Records from a data source

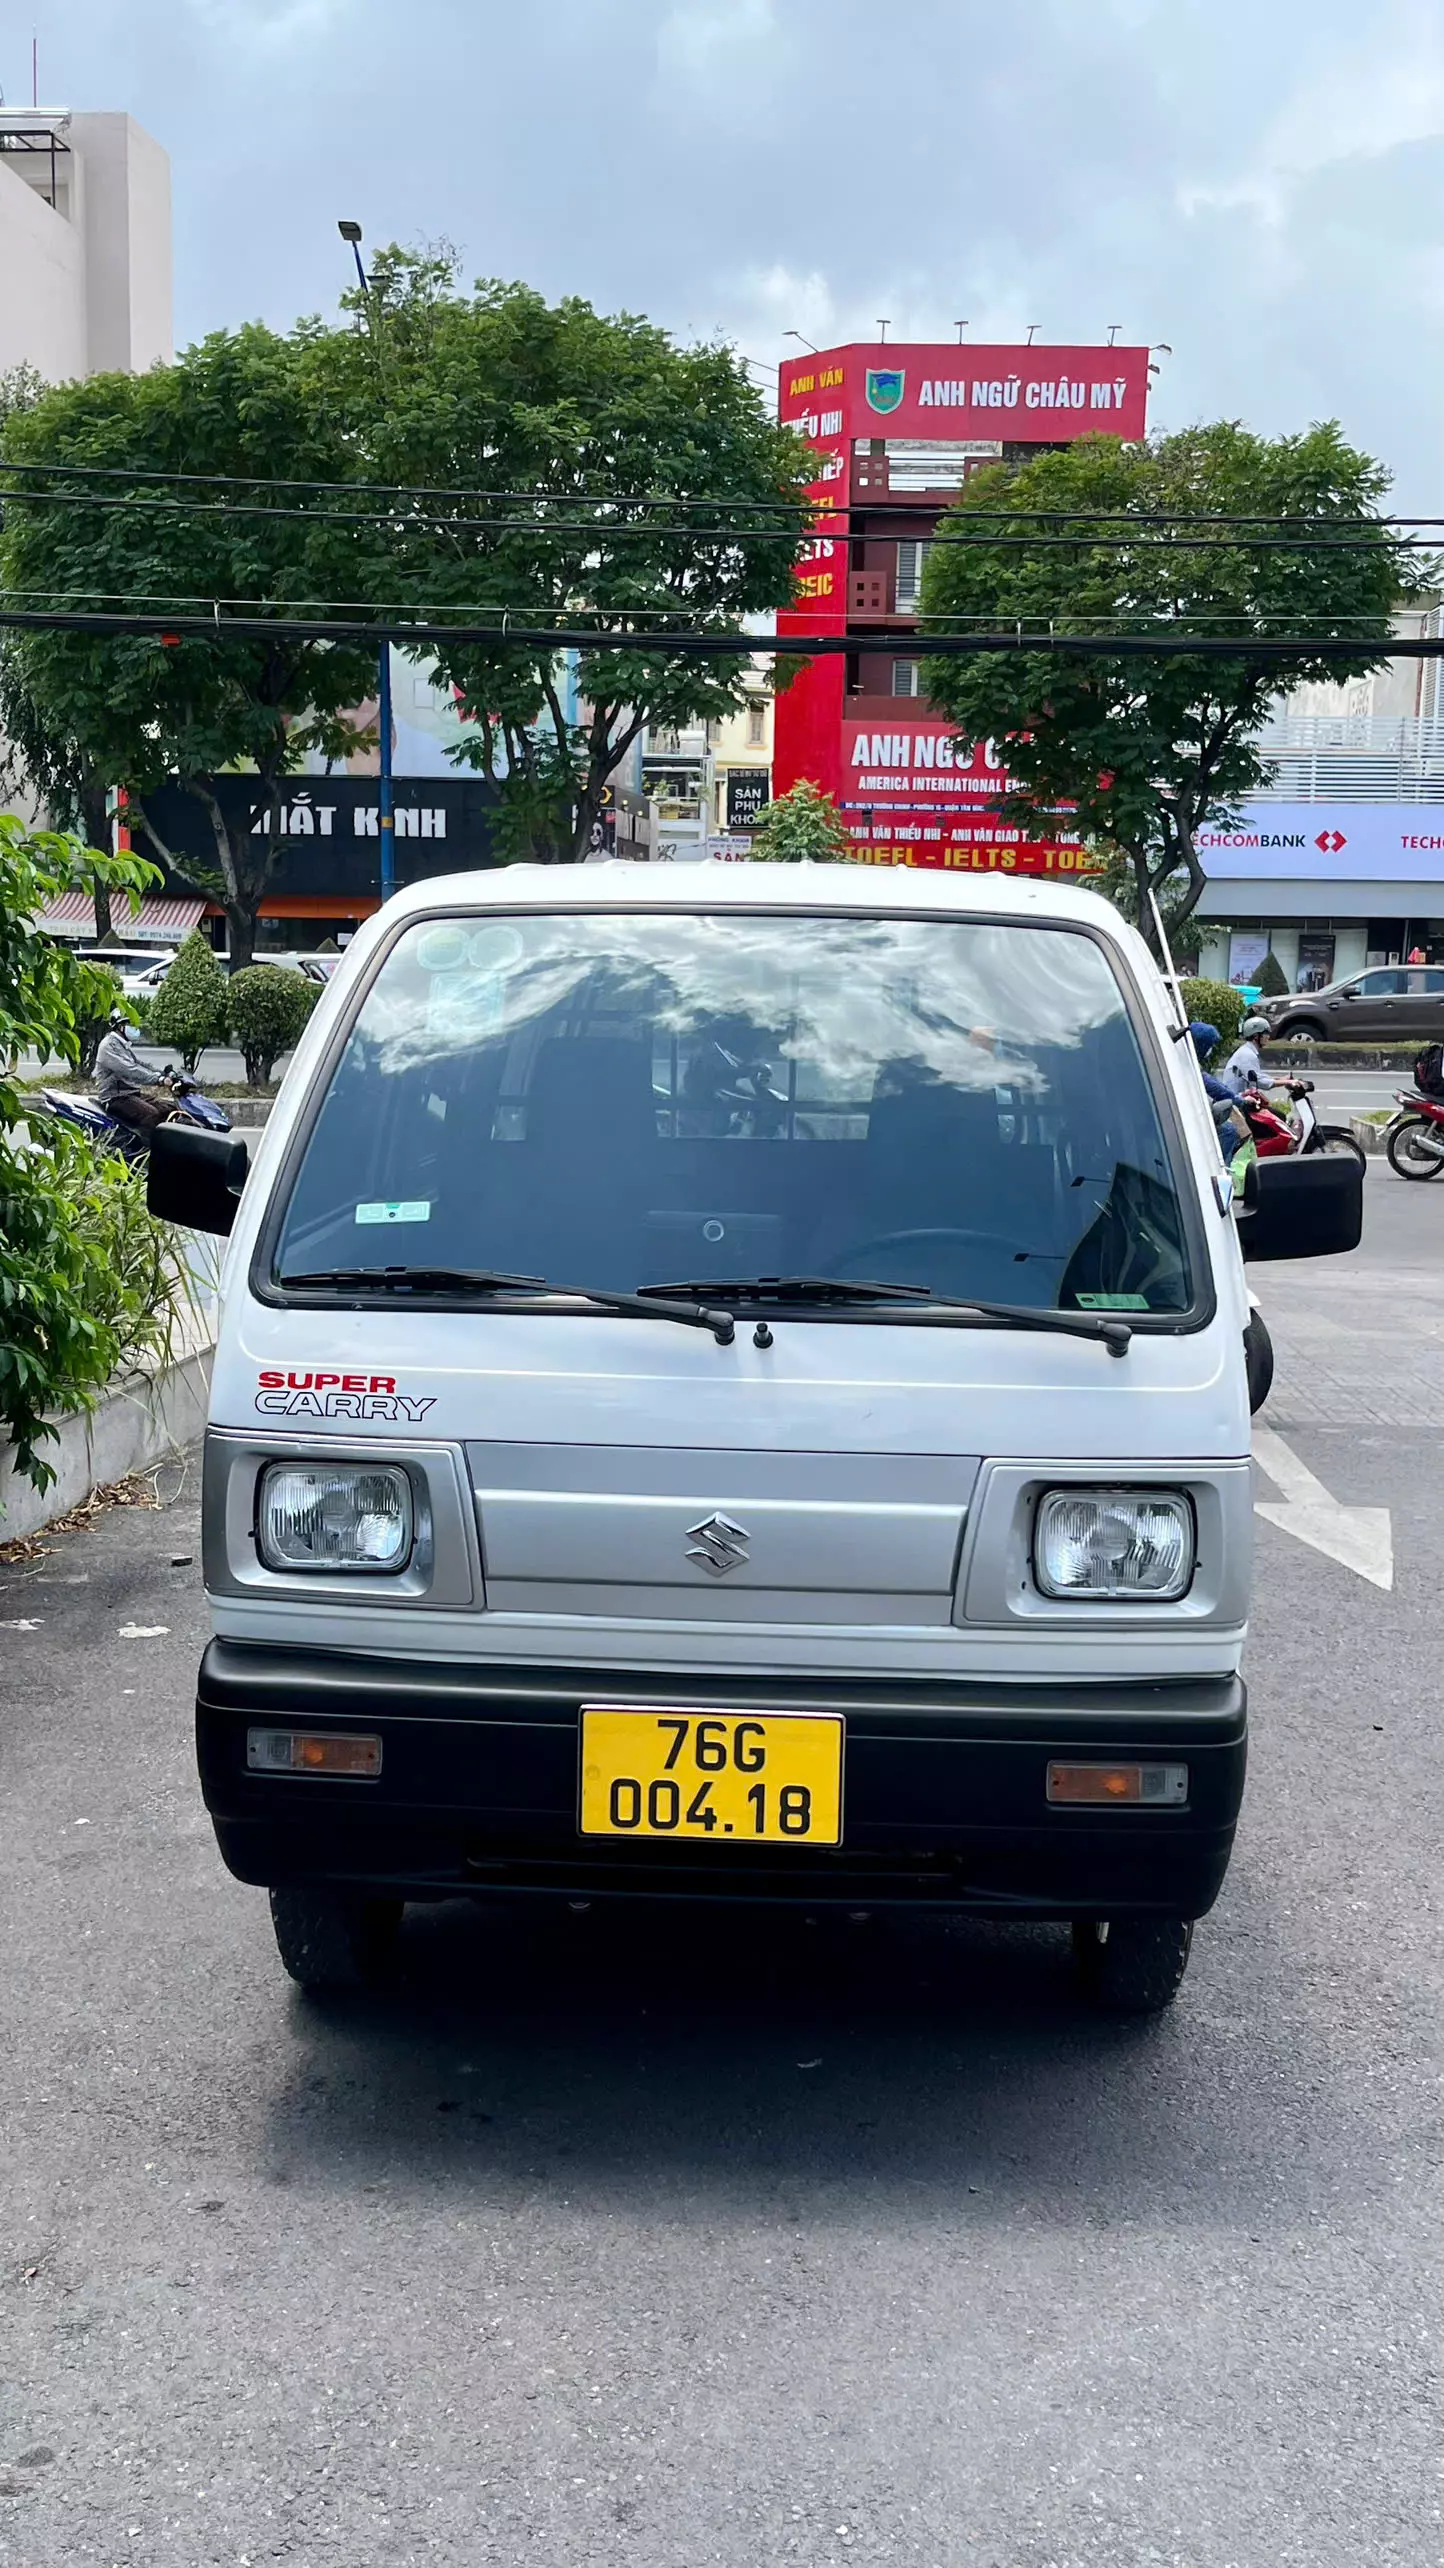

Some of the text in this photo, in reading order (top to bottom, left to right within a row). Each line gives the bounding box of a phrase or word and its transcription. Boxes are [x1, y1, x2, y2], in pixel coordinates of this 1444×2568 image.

[790, 366, 844, 396] ANH VĂN
[918, 375, 1127, 409] ANH NGỮ CHÂU MỸ
[821, 410, 842, 437] NHI
[851, 735, 910, 768] ANH
[859, 776, 910, 791] AMERICA
[912, 777, 1002, 793] INTERNATIONAL
[872, 825, 891, 839] VĂN
[894, 821, 922, 841] THIẾU
[924, 828, 941, 841] NHI
[951, 828, 972, 841] ANH
[973, 827, 993, 842] VĂN
[995, 830, 1019, 842] GIAO
[843, 846, 918, 867] TOEFL
[944, 847, 1016, 868] IELTS
[258, 1371, 396, 1393] SUPER
[255, 1390, 438, 1422] CARRY
[657, 1719, 766, 1772] 76G
[609, 1778, 811, 1835] 004.18

What you need to do: Once the pictures are set aside, output all of the data above verbatim.

Problem solution:
Some of the text in this photo, in reading order (top to bottom, left to right within a row). Each line gives the bounding box of a phrase or word and its transcription. Boxes are [x1, y1, x2, y2], in pixel coordinates of this 1444×2568 image.

[790, 366, 844, 396] ANH VĂN
[918, 375, 1127, 409] ANH NGỮ CHÂU MỸ
[821, 410, 842, 437] NHI
[851, 735, 910, 768] ANH
[859, 776, 910, 791] AMERICA
[912, 777, 1002, 793] INTERNATIONAL
[872, 825, 891, 839] VĂN
[894, 821, 922, 841] THIẾU
[924, 828, 941, 841] NHI
[951, 828, 972, 841] ANH
[973, 827, 993, 842] VĂN
[995, 830, 1019, 842] GIAO
[843, 846, 918, 867] TOEFL
[944, 847, 1016, 868] IELTS
[258, 1371, 396, 1393] SUPER
[255, 1390, 438, 1422] CARRY
[657, 1719, 766, 1772] 76G
[609, 1778, 811, 1835] 004.18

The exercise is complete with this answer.